Images do not belong in the copy; retype the rest of the entries below exactly.

▬▬▬▬▬▬▬▬▬▬

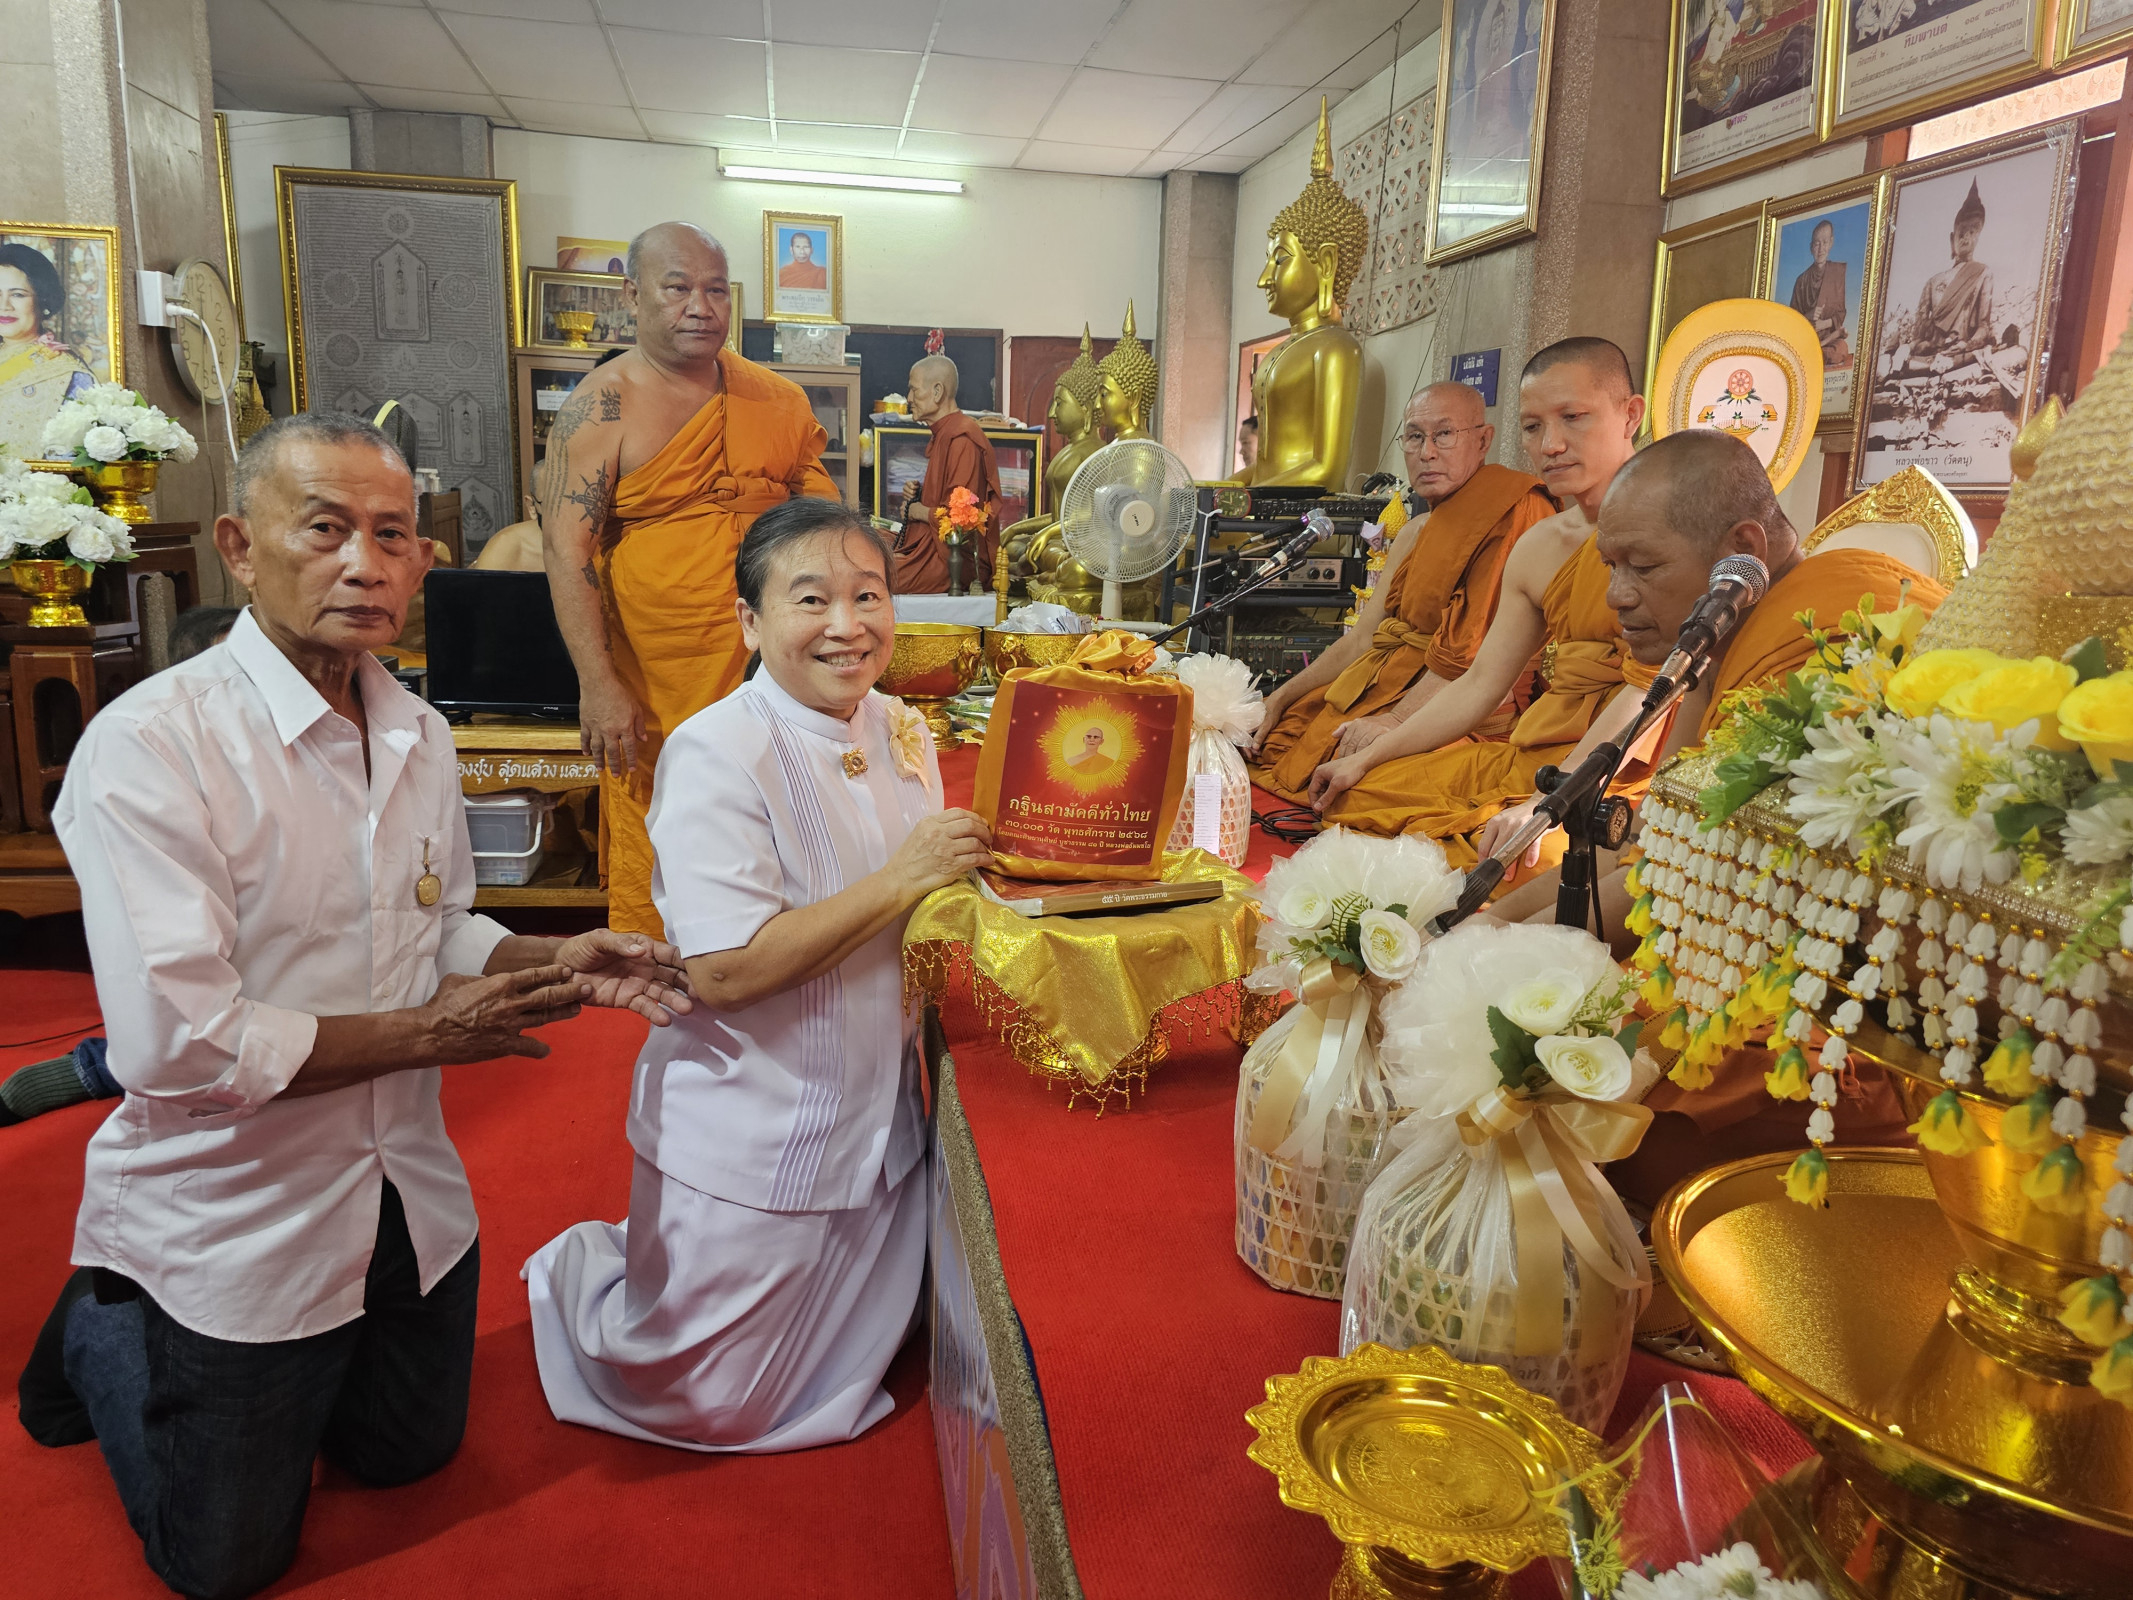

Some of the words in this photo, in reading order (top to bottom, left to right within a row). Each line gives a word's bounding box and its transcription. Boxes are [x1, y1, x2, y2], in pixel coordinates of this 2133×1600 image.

[456, 758, 494, 784] องชุบ
[559, 763, 599, 778] และค
[1009, 795, 1151, 823] กฐินสามัคคีทั่วไทย
[1048, 824, 1060, 834] วัด
[1064, 827, 1116, 838] พุทธศักราช
[1118, 830, 1148, 839] ๒๕๖๘
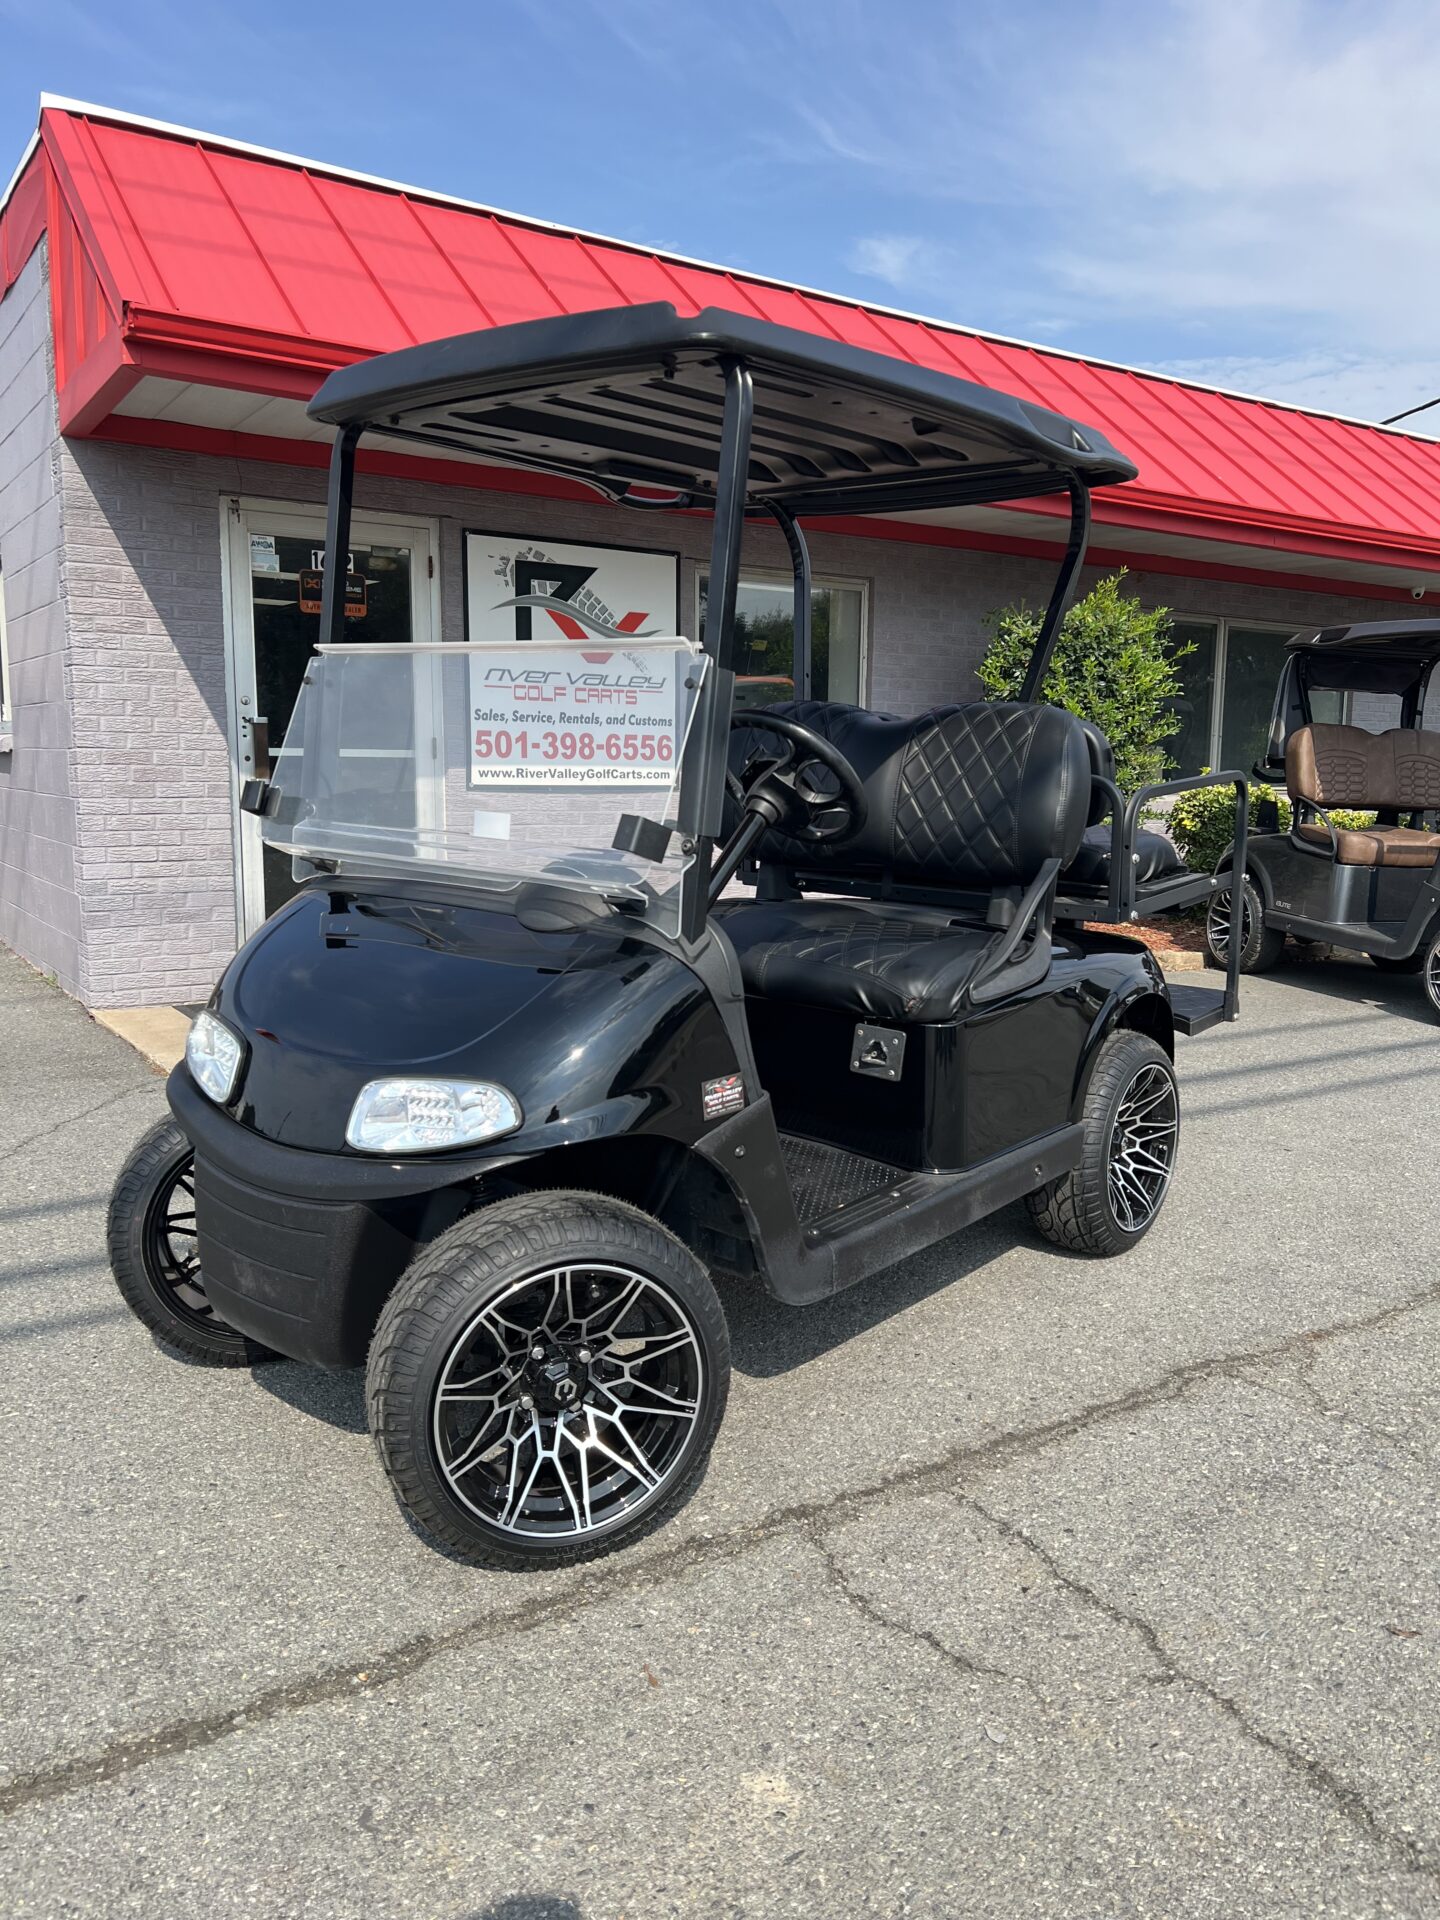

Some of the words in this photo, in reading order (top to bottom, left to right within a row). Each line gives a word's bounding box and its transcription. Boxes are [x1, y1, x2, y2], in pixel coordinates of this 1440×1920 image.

▬▬▬▬▬▬▬▬▬▬

Problem solution -
Some of the words in this photo, in reading order (top to bottom, left to right within a row). Each line gives a word's bounding box and its transcription. Boxes are [x1, y1, x2, y2], in pixel coordinates of this 2133×1600 image.

[456, 758, 494, 784] องชุบ
[559, 763, 599, 778] และค
[1009, 795, 1151, 823] กฐินสามัคคีทั่วไทย
[1048, 824, 1060, 834] วัด
[1064, 827, 1116, 838] พุทธศักราช
[1118, 830, 1148, 839] ๒๕๖๘

Some of the words in this photo, in reading order (top to bottom, left to right within a row). Each line gives a word's bounding box and its transcription. Boxes are [x1, y1, x2, y2], in pixel coordinates of this 1440×1920 image.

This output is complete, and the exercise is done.